(Listed entries)

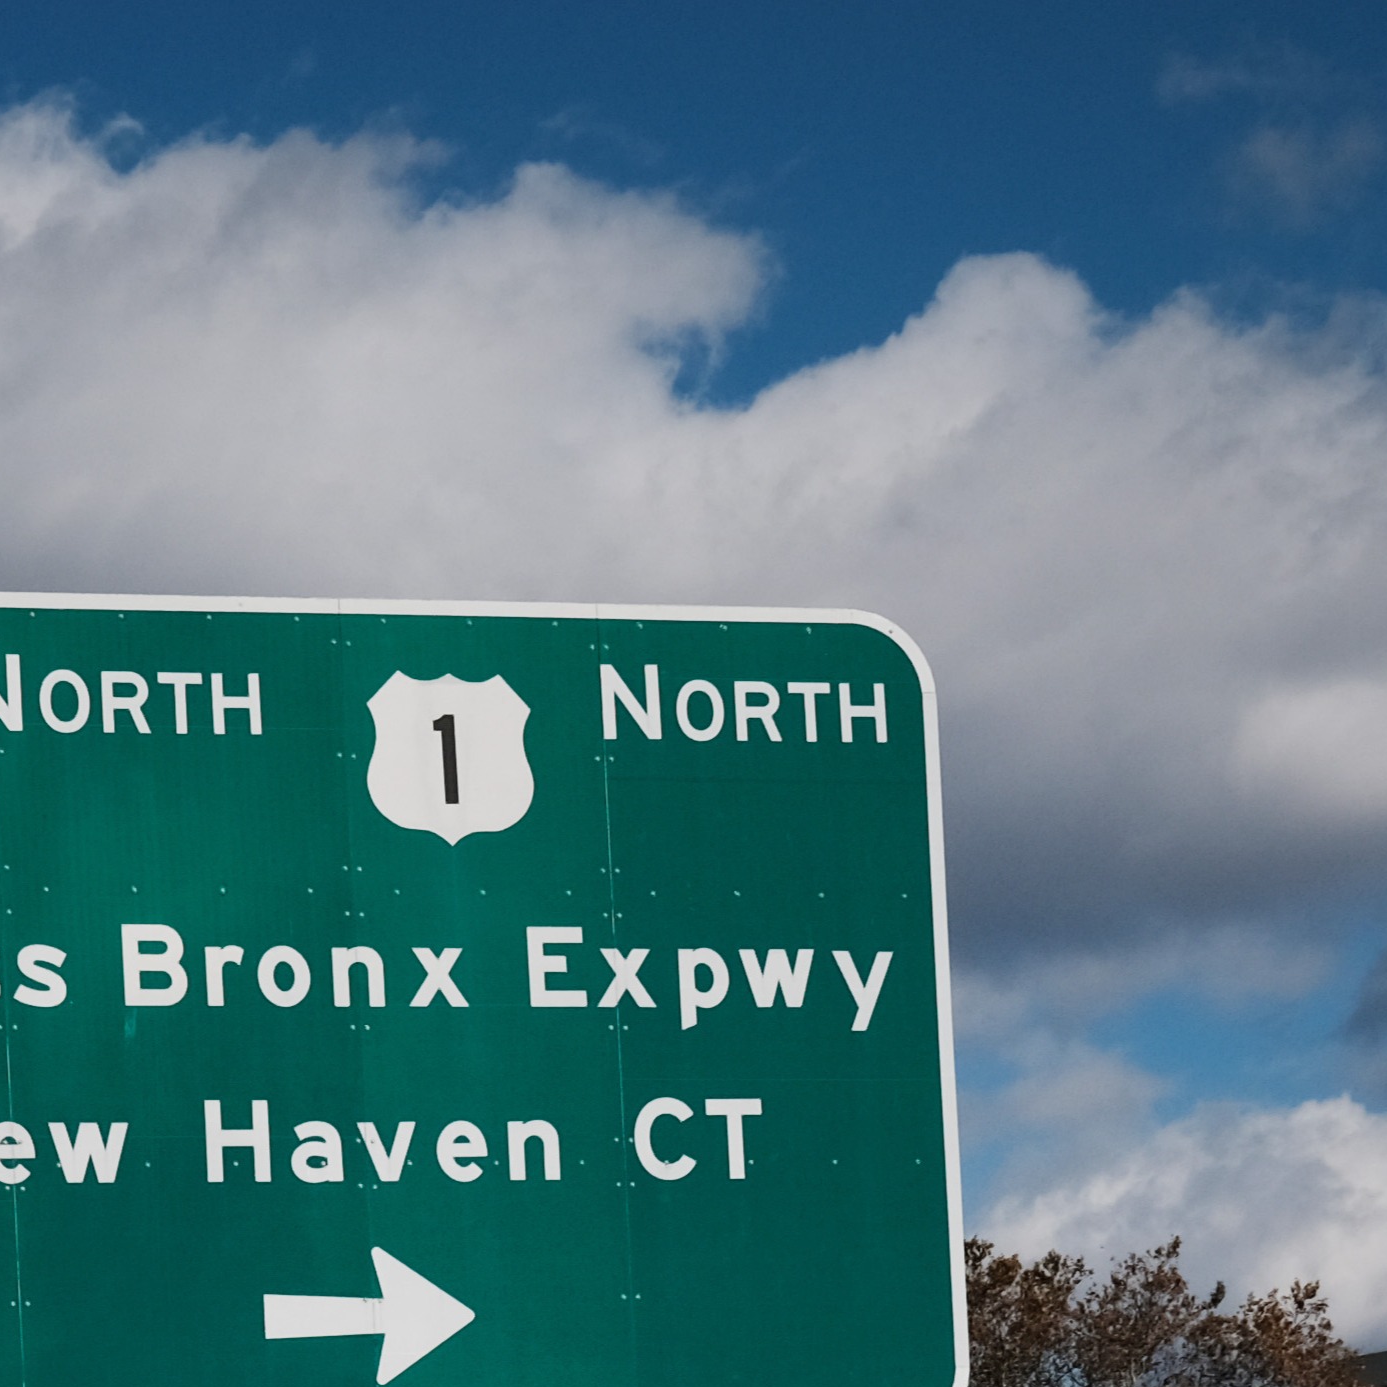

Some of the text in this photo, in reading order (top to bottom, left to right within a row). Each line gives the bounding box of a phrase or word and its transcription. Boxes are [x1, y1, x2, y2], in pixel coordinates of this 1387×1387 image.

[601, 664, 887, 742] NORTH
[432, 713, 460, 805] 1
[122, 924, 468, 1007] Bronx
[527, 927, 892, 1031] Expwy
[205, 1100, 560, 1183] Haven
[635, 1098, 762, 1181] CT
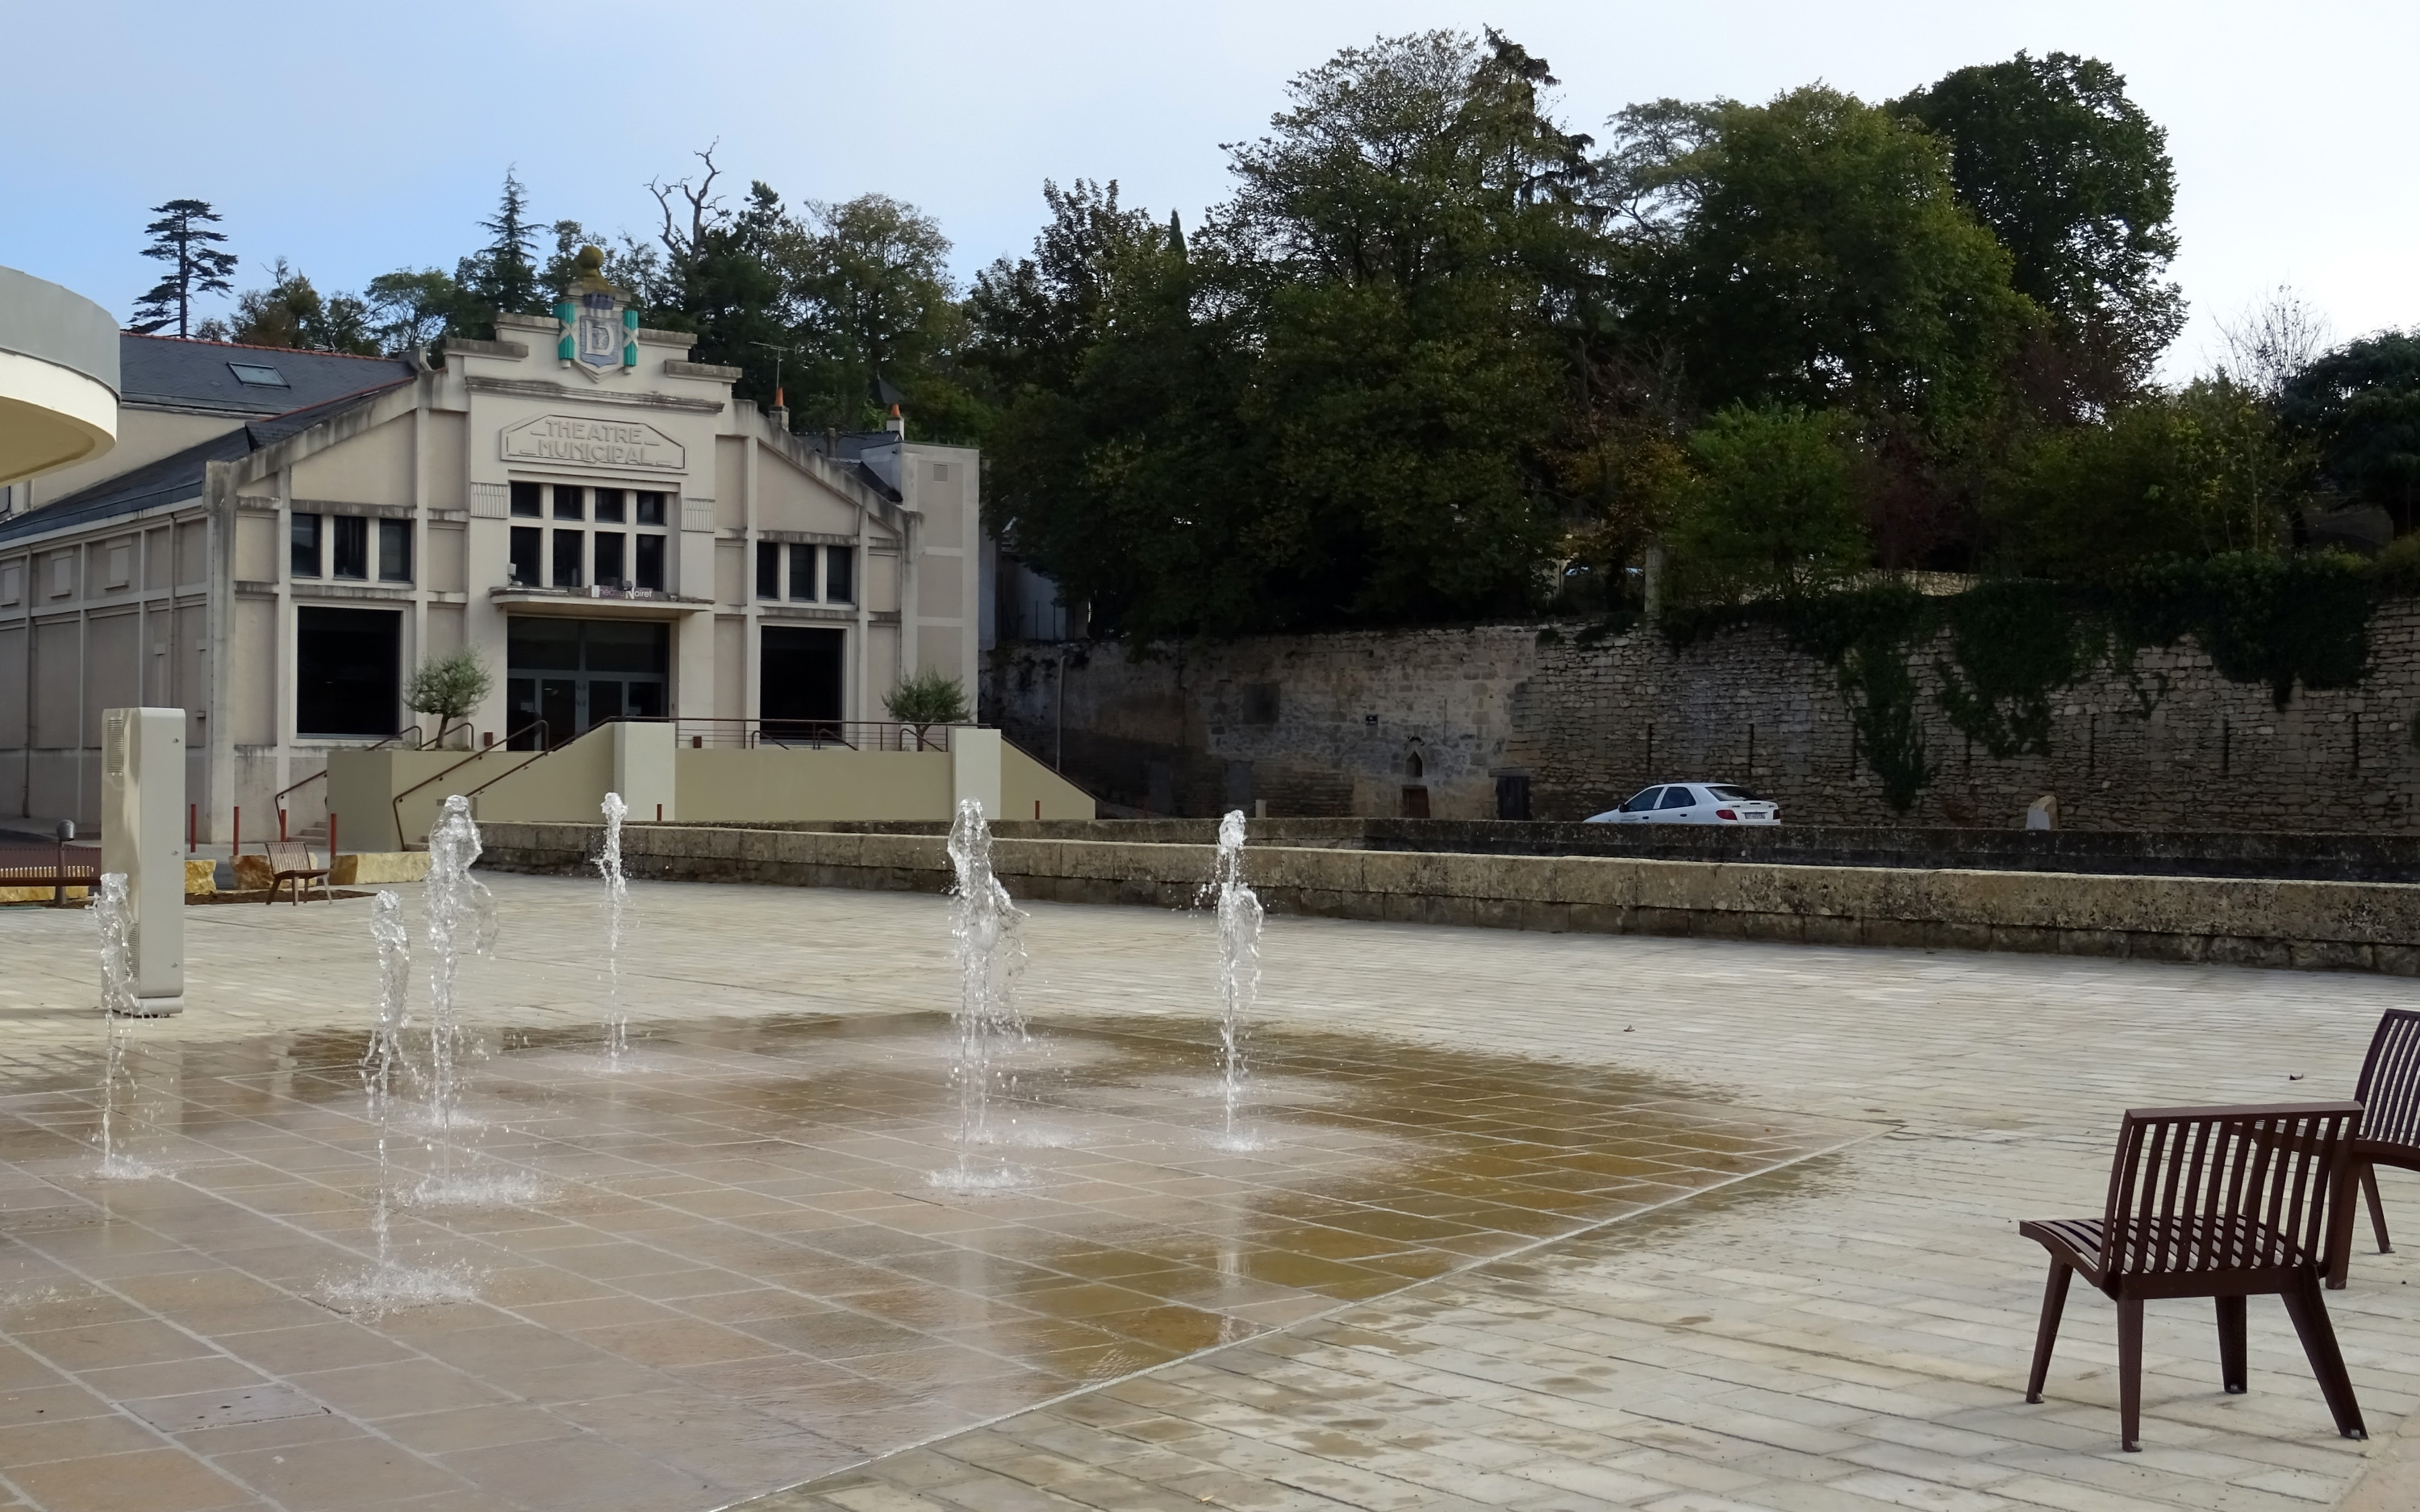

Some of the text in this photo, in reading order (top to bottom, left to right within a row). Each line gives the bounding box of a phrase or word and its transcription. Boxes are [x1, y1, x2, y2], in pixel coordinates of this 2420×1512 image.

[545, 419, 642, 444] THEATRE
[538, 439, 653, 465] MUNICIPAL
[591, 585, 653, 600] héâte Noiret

(End Listed entries)

Excluding every picture, write out each record word for word.

Some of the text in this photo, in reading order (top to bottom, left to right within a row). Each line gives the bounding box of a phrase or word and its transcription. Boxes are [x1, y1, x2, y2], in pixel coordinates of this 1387×1387 image.

[601, 664, 887, 742] NORTH
[432, 713, 460, 805] 1
[122, 924, 468, 1007] Bronx
[527, 927, 892, 1031] Expwy
[205, 1100, 560, 1183] Haven
[635, 1098, 762, 1181] CT

Some of the text in this photo, in reading order (top to bottom, left to right within a row). Each line gives the bounding box of a phrase or word and its transcription. Boxes are [x1, y1, x2, y2], in pixel coordinates of this 2420×1512 image.

[545, 419, 642, 444] THEATRE
[538, 439, 653, 465] MUNICIPAL
[591, 585, 653, 600] héâte Noiret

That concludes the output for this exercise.